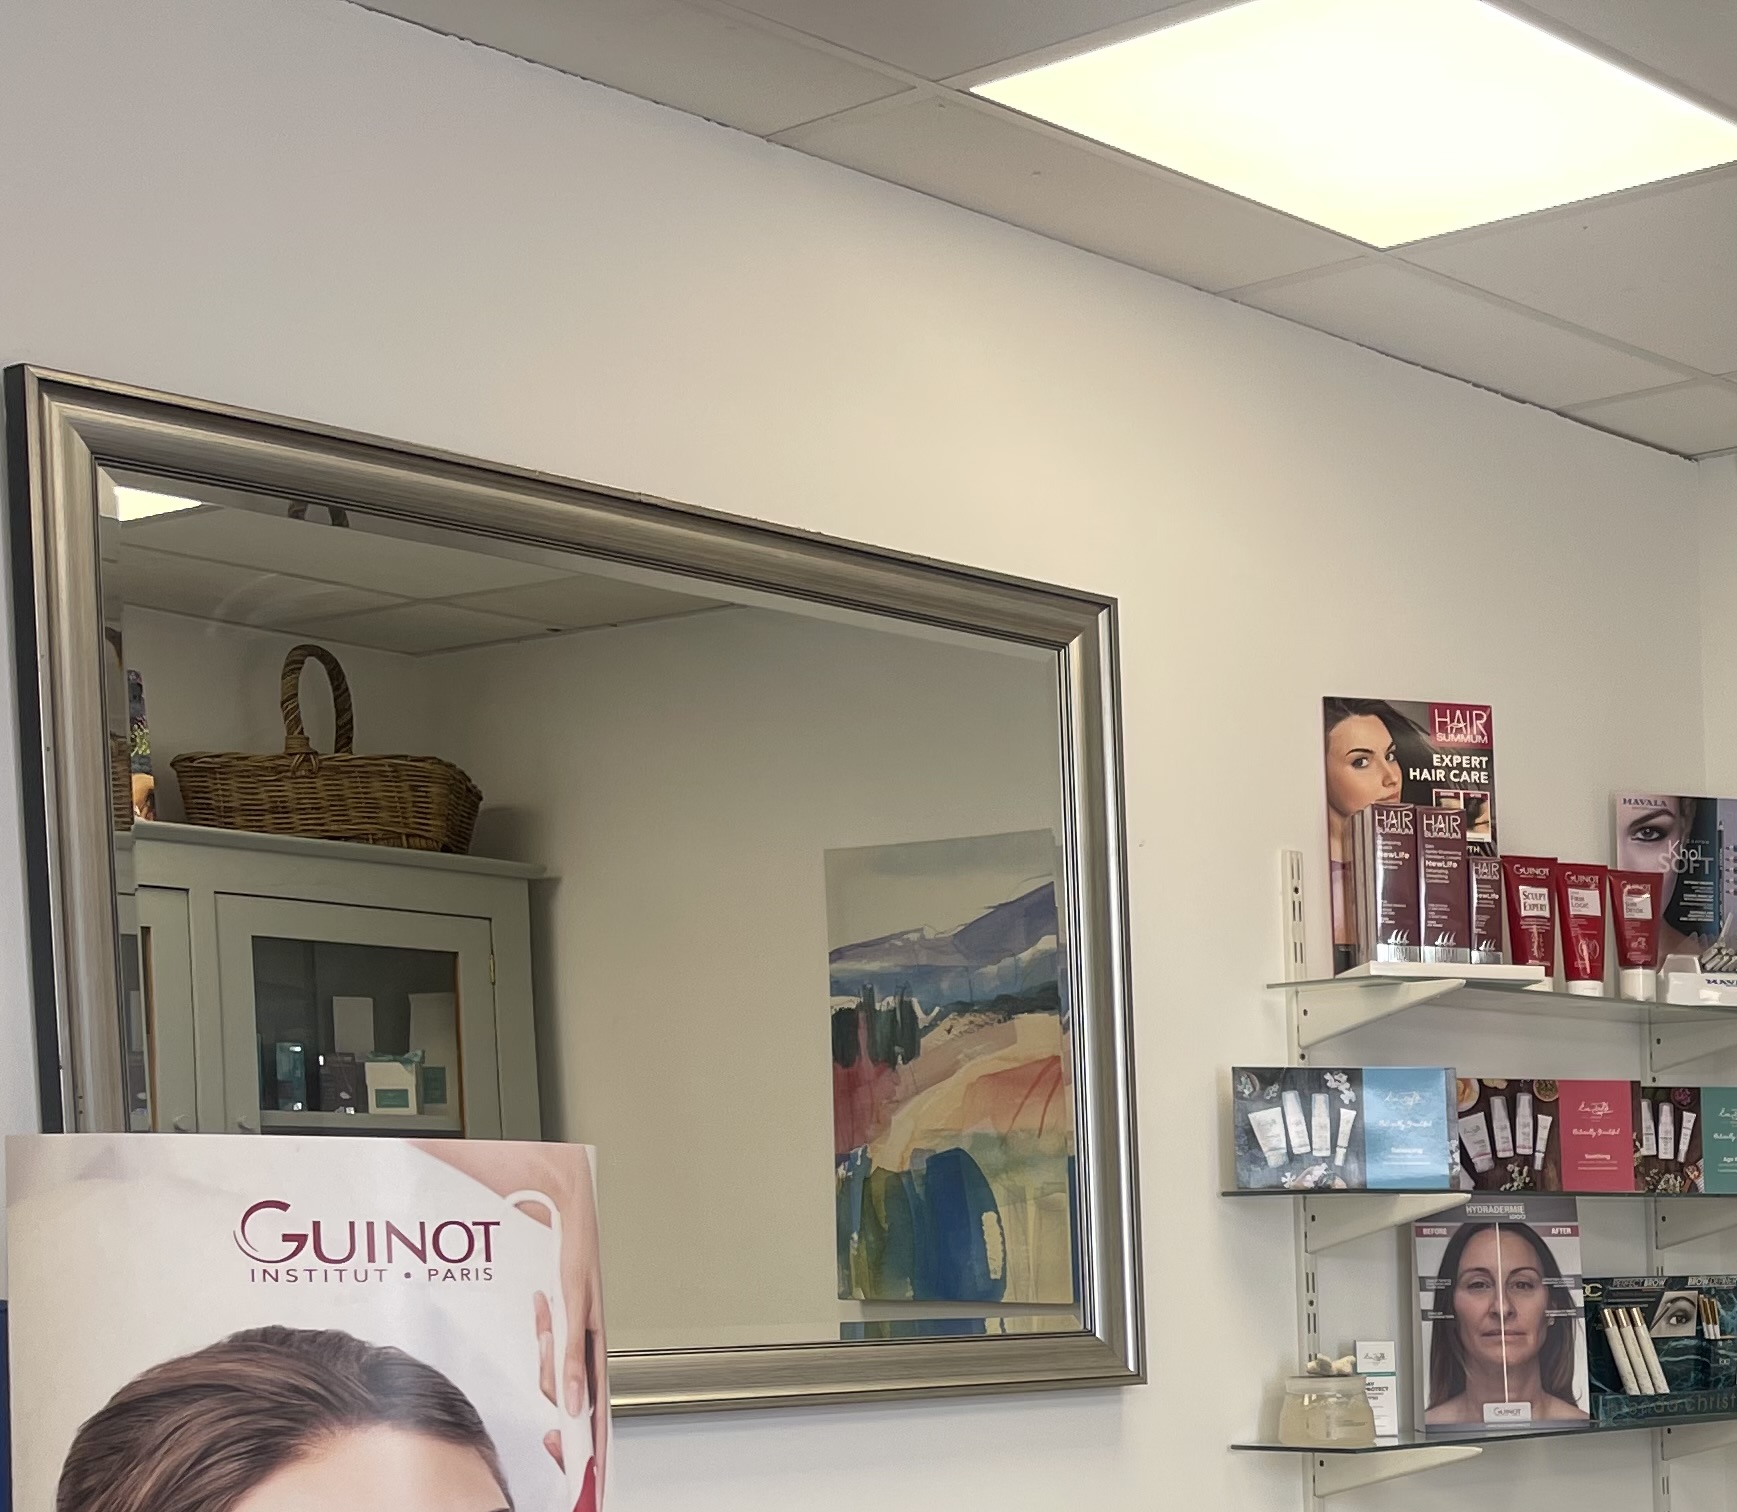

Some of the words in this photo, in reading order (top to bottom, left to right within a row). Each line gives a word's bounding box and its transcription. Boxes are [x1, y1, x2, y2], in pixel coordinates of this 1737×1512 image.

[1434, 708, 1488, 736] HAIR
[1436, 733, 1488, 744] SUMMUM
[1432, 753, 1489, 769] EXPERT
[1409, 767, 1446, 782] HAIR
[1449, 769, 1489, 784] CARE
[1622, 797, 1667, 807] MAVALA
[1375, 809, 1413, 831] HAIR
[1423, 813, 1461, 835] HAIR
[1668, 839, 1702, 860] Khol
[1473, 862, 1500, 878] HAIR
[1513, 864, 1550, 876] GUINOT
[1658, 853, 1714, 874] SOFT
[1522, 891, 1547, 901] SCULPT
[1523, 902, 1547, 912] EXPERT
[233, 1199, 500, 1264] GUINOT
[1422, 1227, 1448, 1235] BEFORE
[1551, 1227, 1572, 1235] AFTER
[251, 1268, 386, 1283] INSTITUT
[427, 1266, 494, 1282] PARIS

- _PROBLEM TO WORK ON_
From the first line to the last, return the material above exactly, apart from the pictures.

- _RESPONSE AREA_
Some of the words in this photo, in reading order (top to bottom, left to right within a row). Each line gives a word's bounding box and its transcription. Boxes are [x1, y1, x2, y2], in pixel coordinates of this 1737×1512 image.

[1434, 708, 1488, 736] HAIR
[1436, 733, 1488, 744] SUMMUM
[1432, 753, 1489, 769] EXPERT
[1409, 767, 1446, 782] HAIR
[1449, 769, 1489, 784] CARE
[1622, 797, 1667, 807] MAVALA
[1375, 809, 1413, 831] HAIR
[1423, 813, 1461, 835] HAIR
[1668, 839, 1702, 860] Khol
[1473, 862, 1500, 878] HAIR
[1513, 864, 1550, 876] GUINOT
[1658, 853, 1714, 874] SOFT
[1522, 891, 1547, 901] SCULPT
[1523, 902, 1547, 912] EXPERT
[233, 1199, 500, 1264] GUINOT
[1422, 1227, 1448, 1235] BEFORE
[1551, 1227, 1572, 1235] AFTER
[251, 1268, 386, 1283] INSTITUT
[427, 1266, 494, 1282] PARIS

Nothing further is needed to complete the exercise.